Output every record verbatim, and omit each picture.
** DATA TO USE follows **
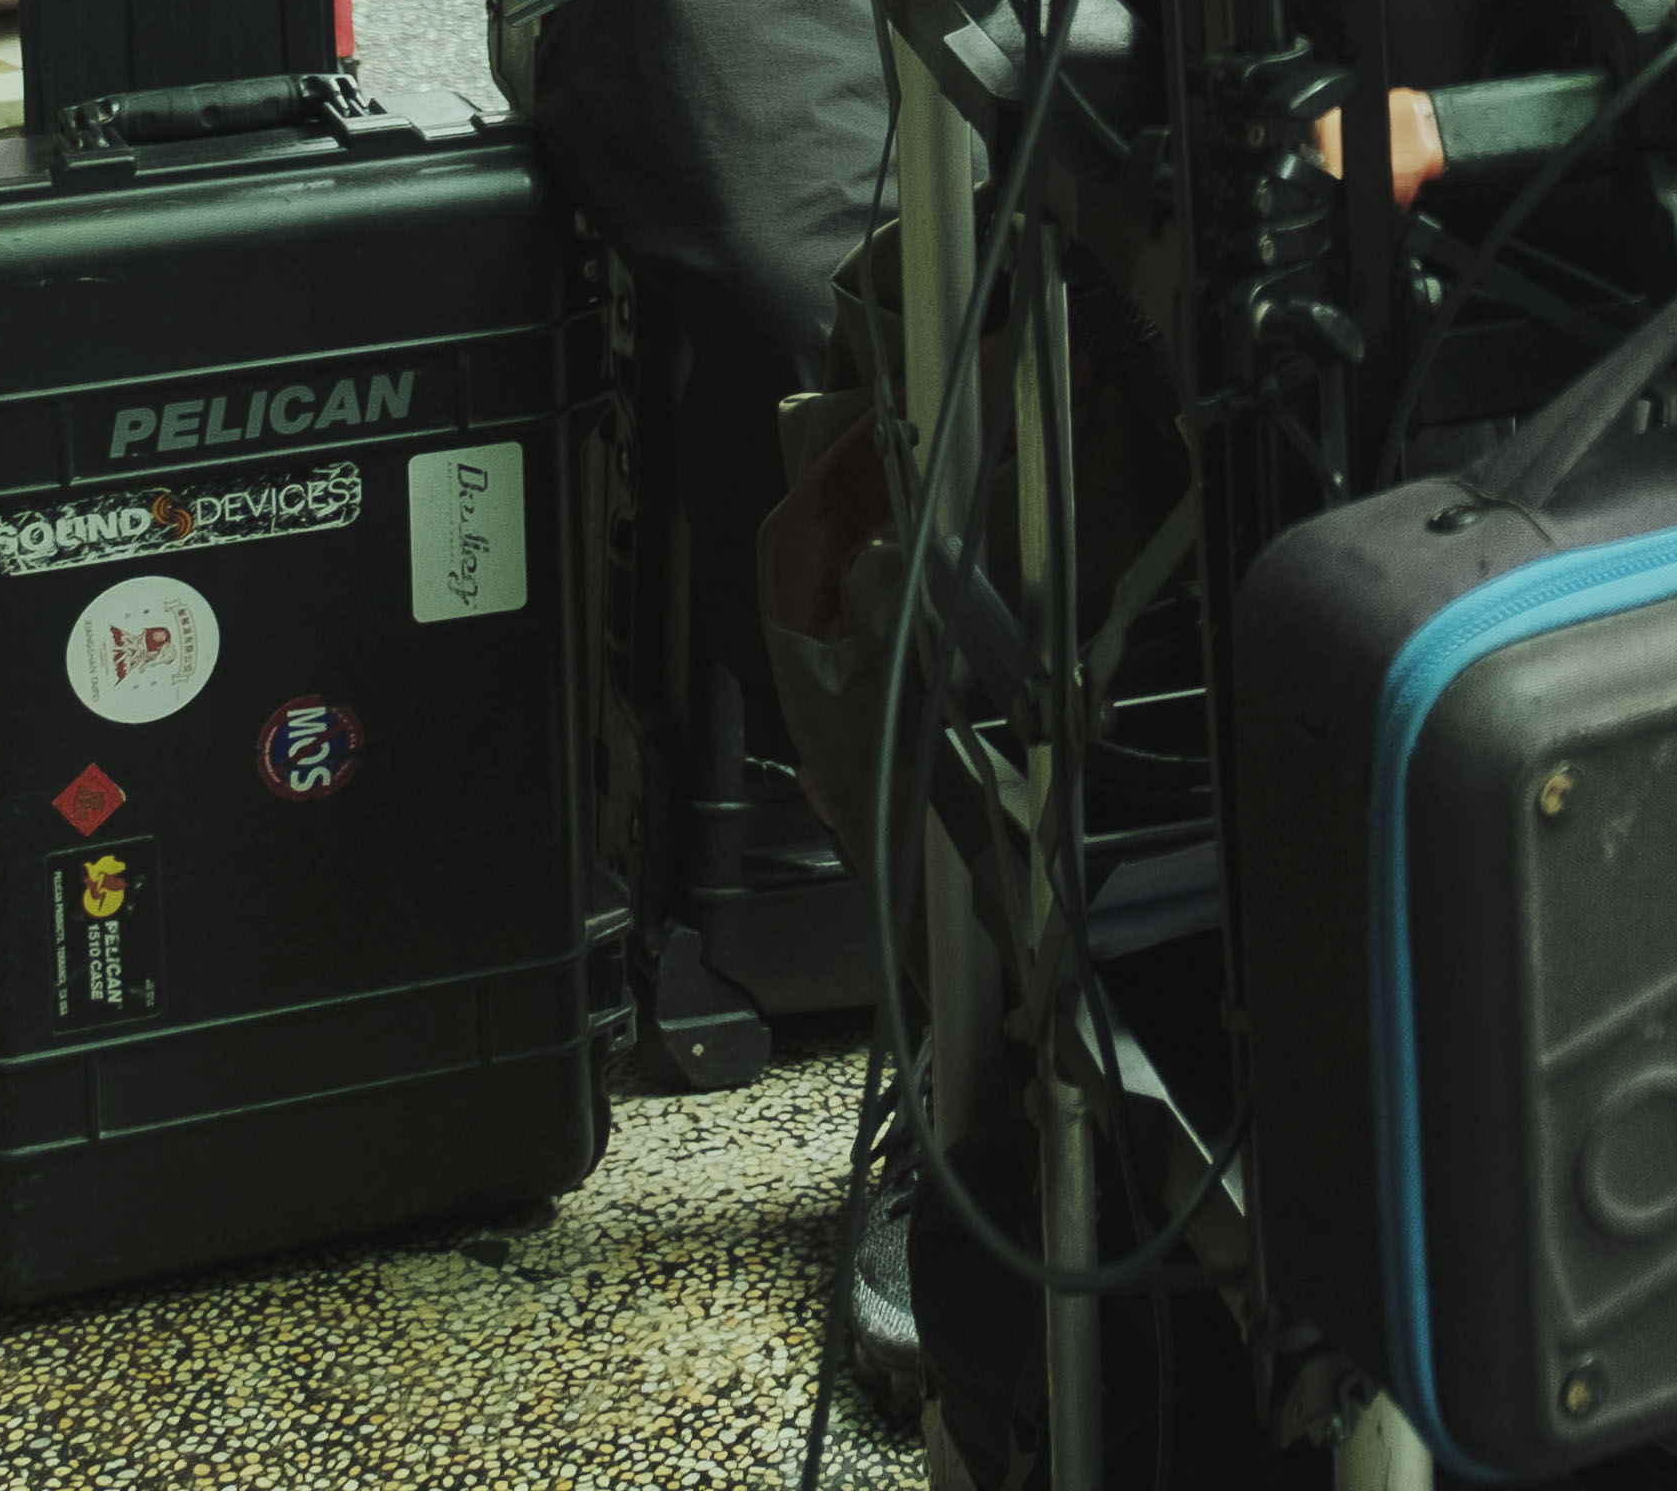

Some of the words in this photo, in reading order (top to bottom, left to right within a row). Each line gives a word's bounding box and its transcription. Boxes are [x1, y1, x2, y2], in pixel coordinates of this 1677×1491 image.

[109, 371, 415, 459] PELICAN
[196, 477, 350, 526] DEVICES
[285, 705, 332, 793] MOS
[87, 922, 102, 958] 1510
[89, 960, 104, 1001] CASE
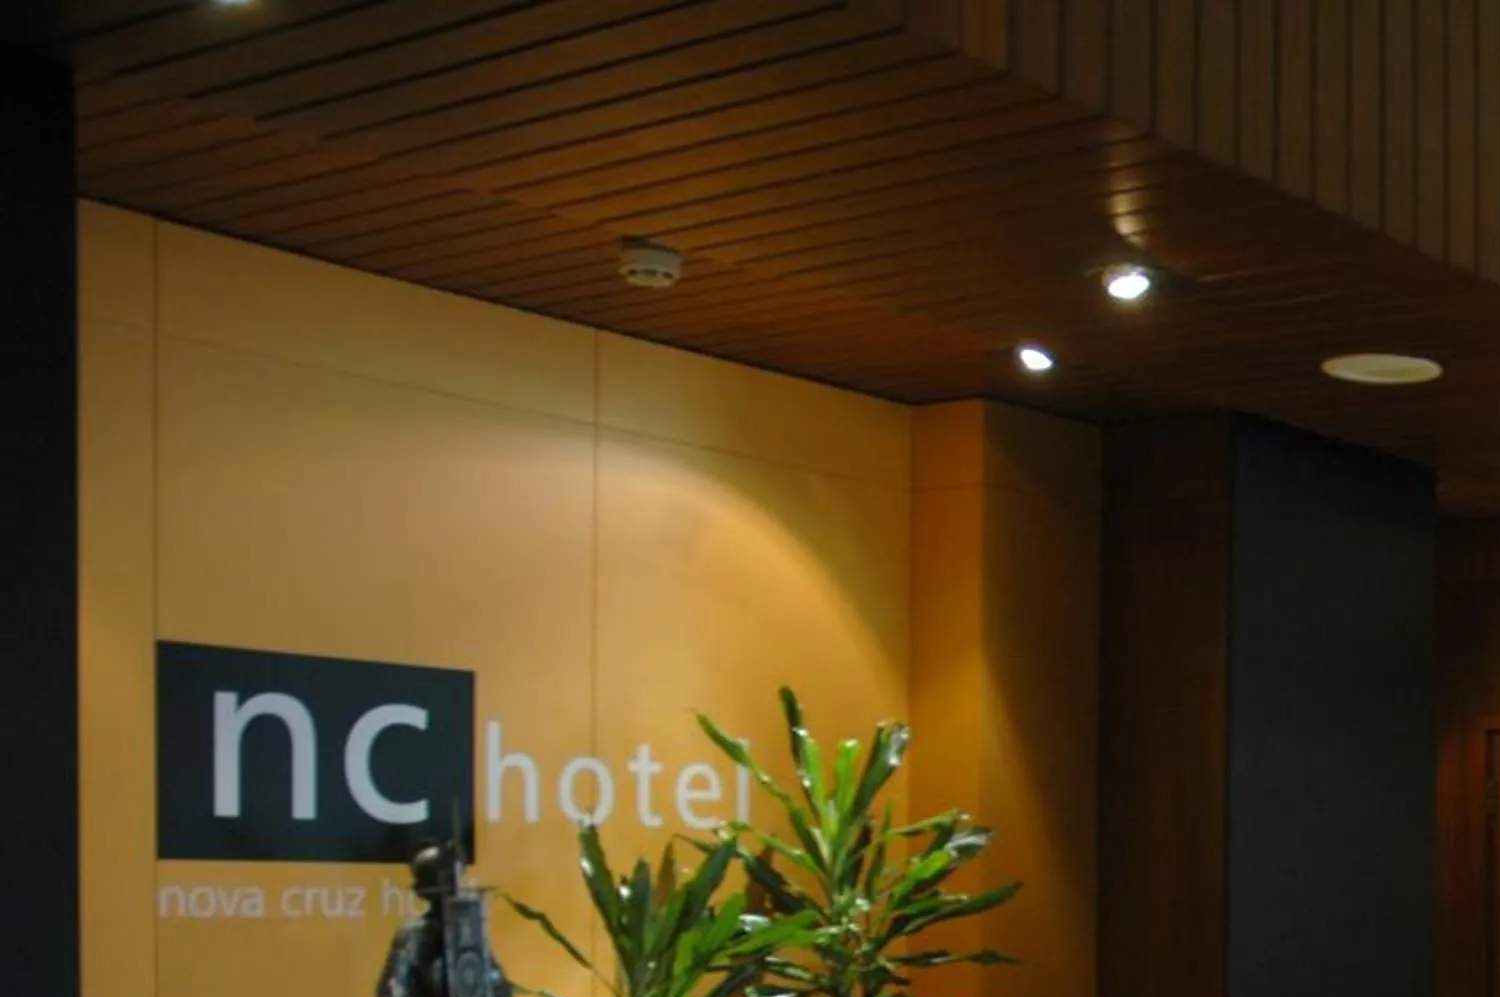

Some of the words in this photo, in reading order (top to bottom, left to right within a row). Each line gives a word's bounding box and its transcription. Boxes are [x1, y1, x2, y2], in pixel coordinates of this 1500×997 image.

[213, 690, 429, 825] nc
[487, 720, 750, 829] hotel
[159, 884, 266, 918] nova
[281, 885, 367, 918] cruz
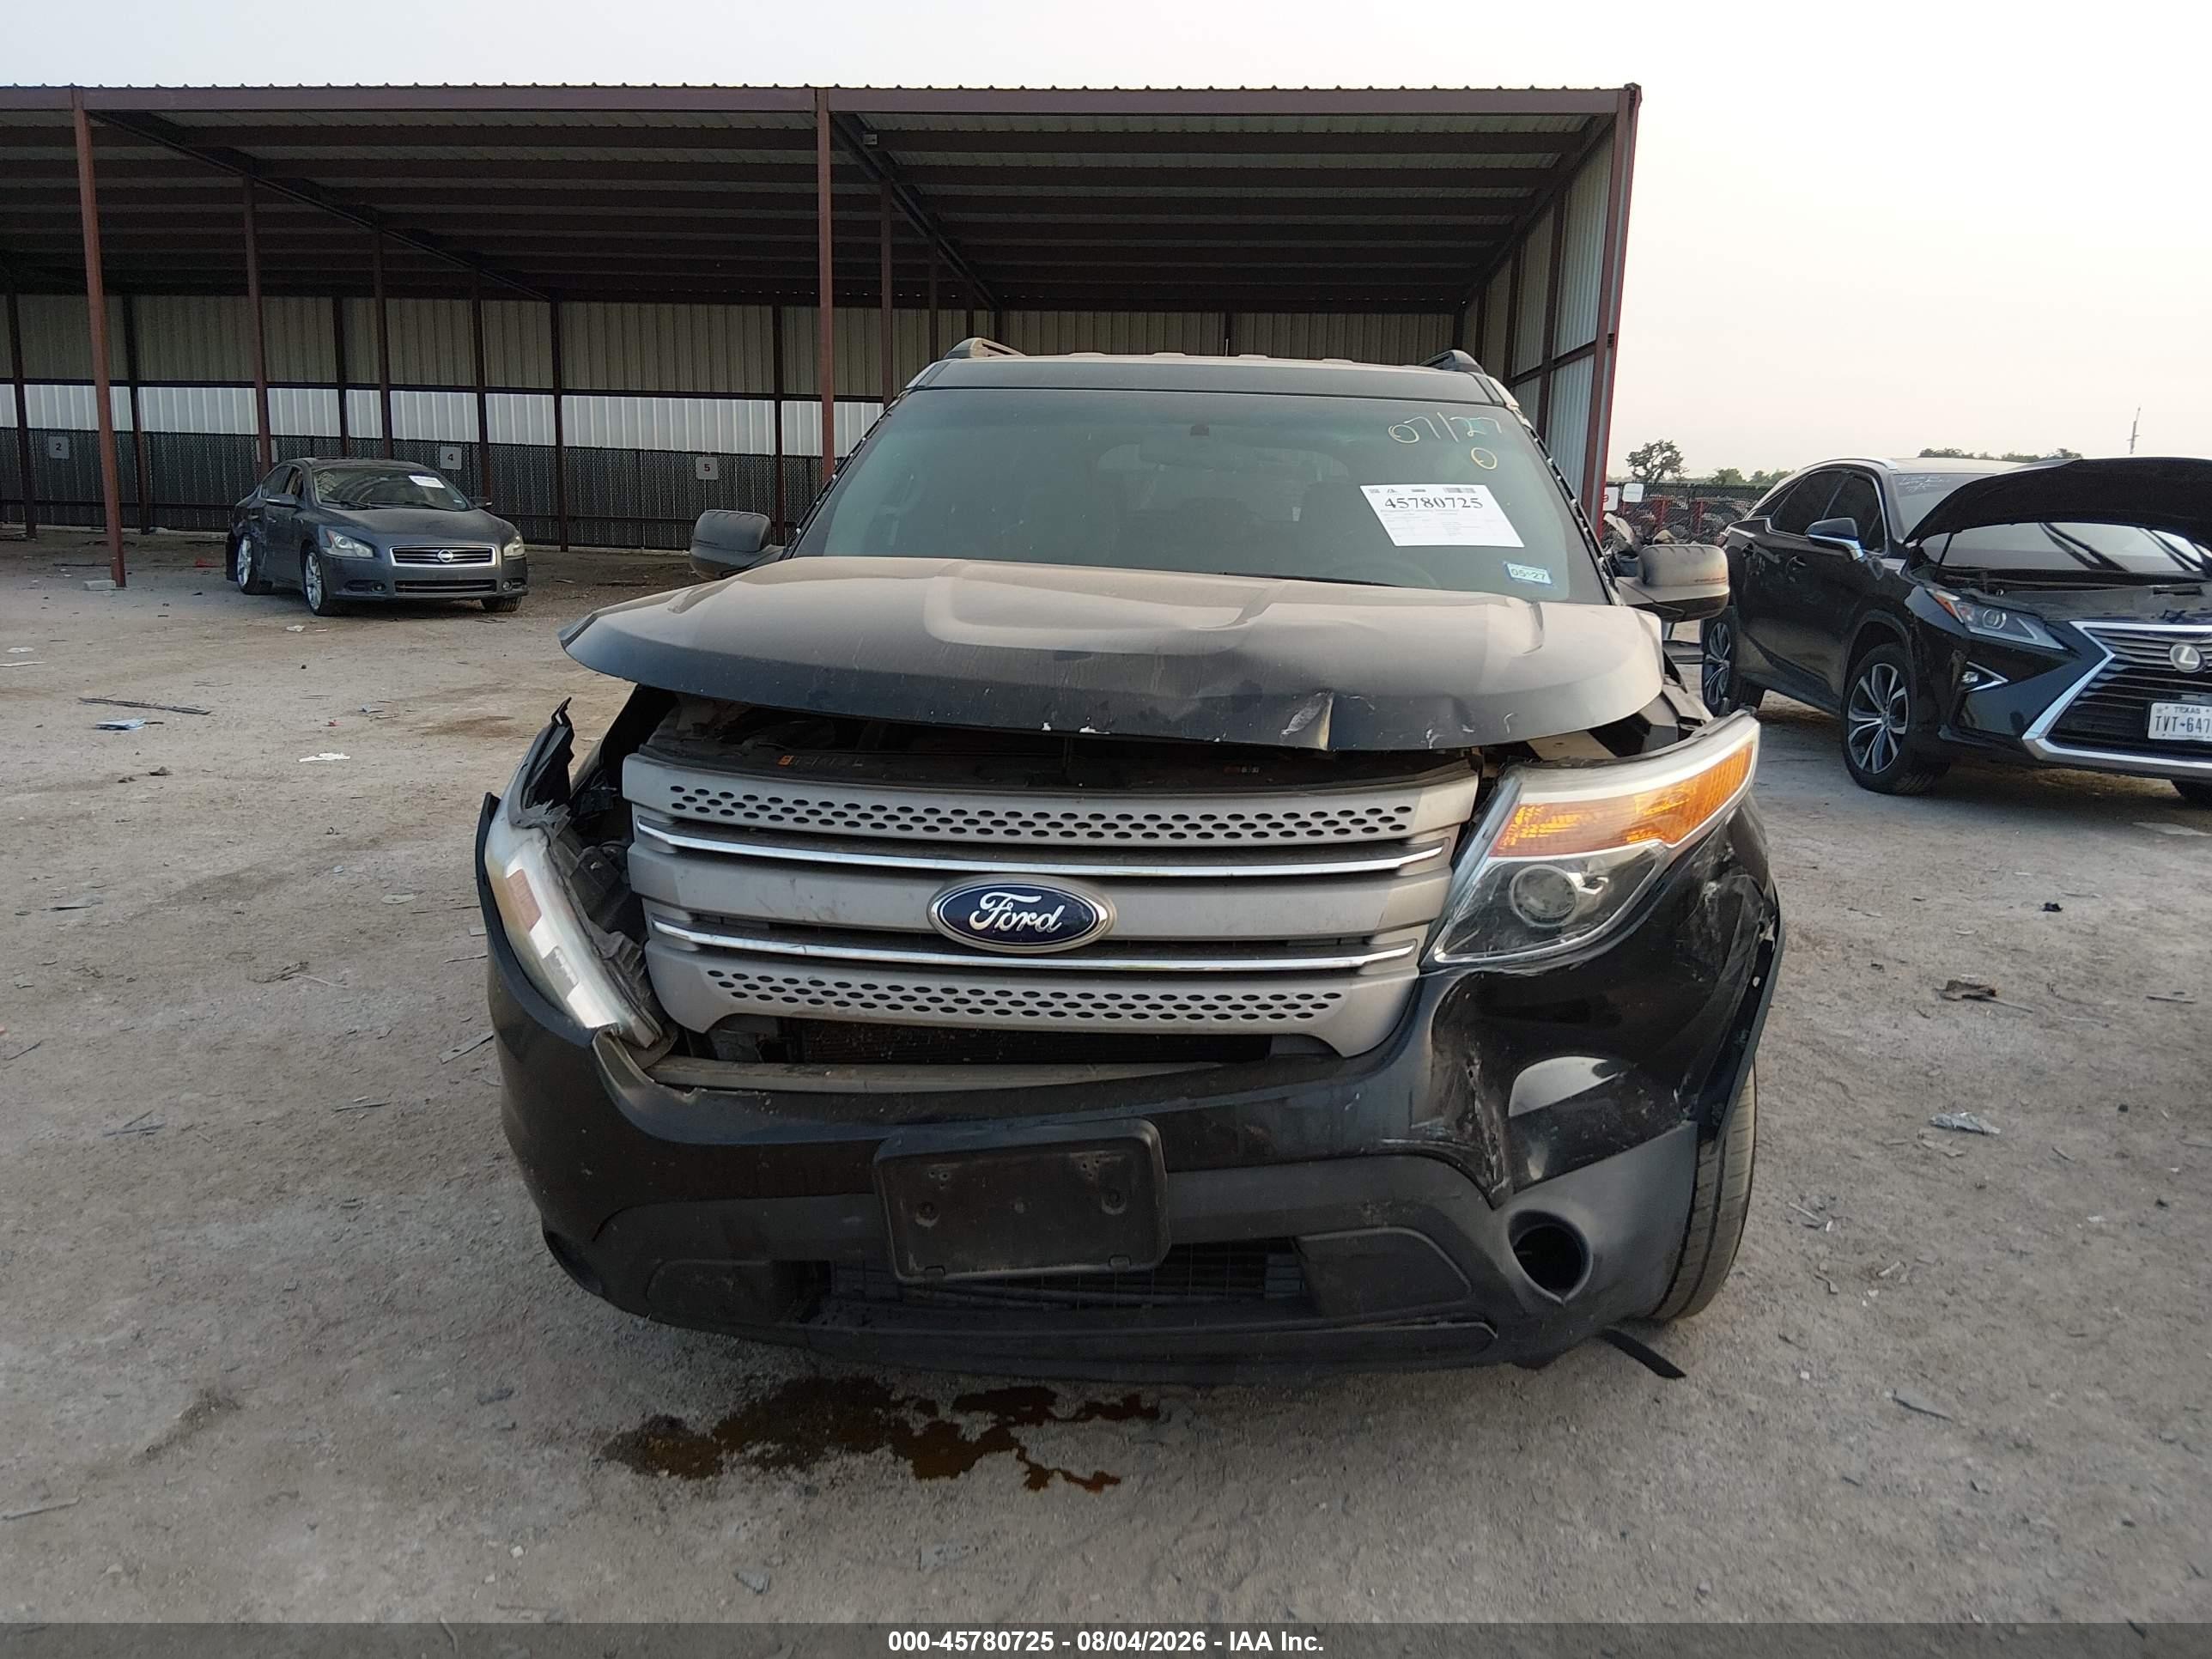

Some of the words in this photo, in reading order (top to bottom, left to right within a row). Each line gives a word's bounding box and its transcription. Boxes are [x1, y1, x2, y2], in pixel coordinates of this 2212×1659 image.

[55, 442, 62, 452] 2
[704, 464, 711, 472] 5
[1384, 497, 1484, 509] 45780725
[2173, 706, 2201, 714] TEXAS
[969, 891, 1066, 933] Ford
** End of DATA TO USE **
RESPONSE BELOW –
Some of the words in this photo, in reading order (top to bottom, left to right within a row). Each line gives a word's bounding box and its transcription. Boxes are [x1, y1, x2, y2], in pixel coordinates of this 1677×1491 image.

[109, 371, 415, 459] PELICAN
[196, 477, 350, 526] DEVICES
[285, 705, 332, 793] MOS
[87, 922, 102, 958] 1510
[89, 960, 104, 1001] CASE

Some of the words in this photo, in reading order (top to bottom, left to right within a row). Each line gives a word's bounding box and its transcription. Boxes are [x1, y1, x2, y2], in pixel coordinates of this 1500×997 image.

[213, 690, 429, 825] nc
[487, 720, 750, 829] hotel
[159, 884, 266, 918] nova
[281, 885, 367, 918] cruz

Some of the words in this photo, in reading order (top to bottom, left to right within a row). Each line gives a word's bounding box and its transcription. Boxes are [x1, y1, x2, y2], in pixel coordinates of this 2212×1659 image.

[55, 442, 62, 452] 2
[704, 464, 711, 472] 5
[1384, 497, 1484, 509] 45780725
[2173, 706, 2201, 714] TEXAS
[969, 891, 1066, 933] Ford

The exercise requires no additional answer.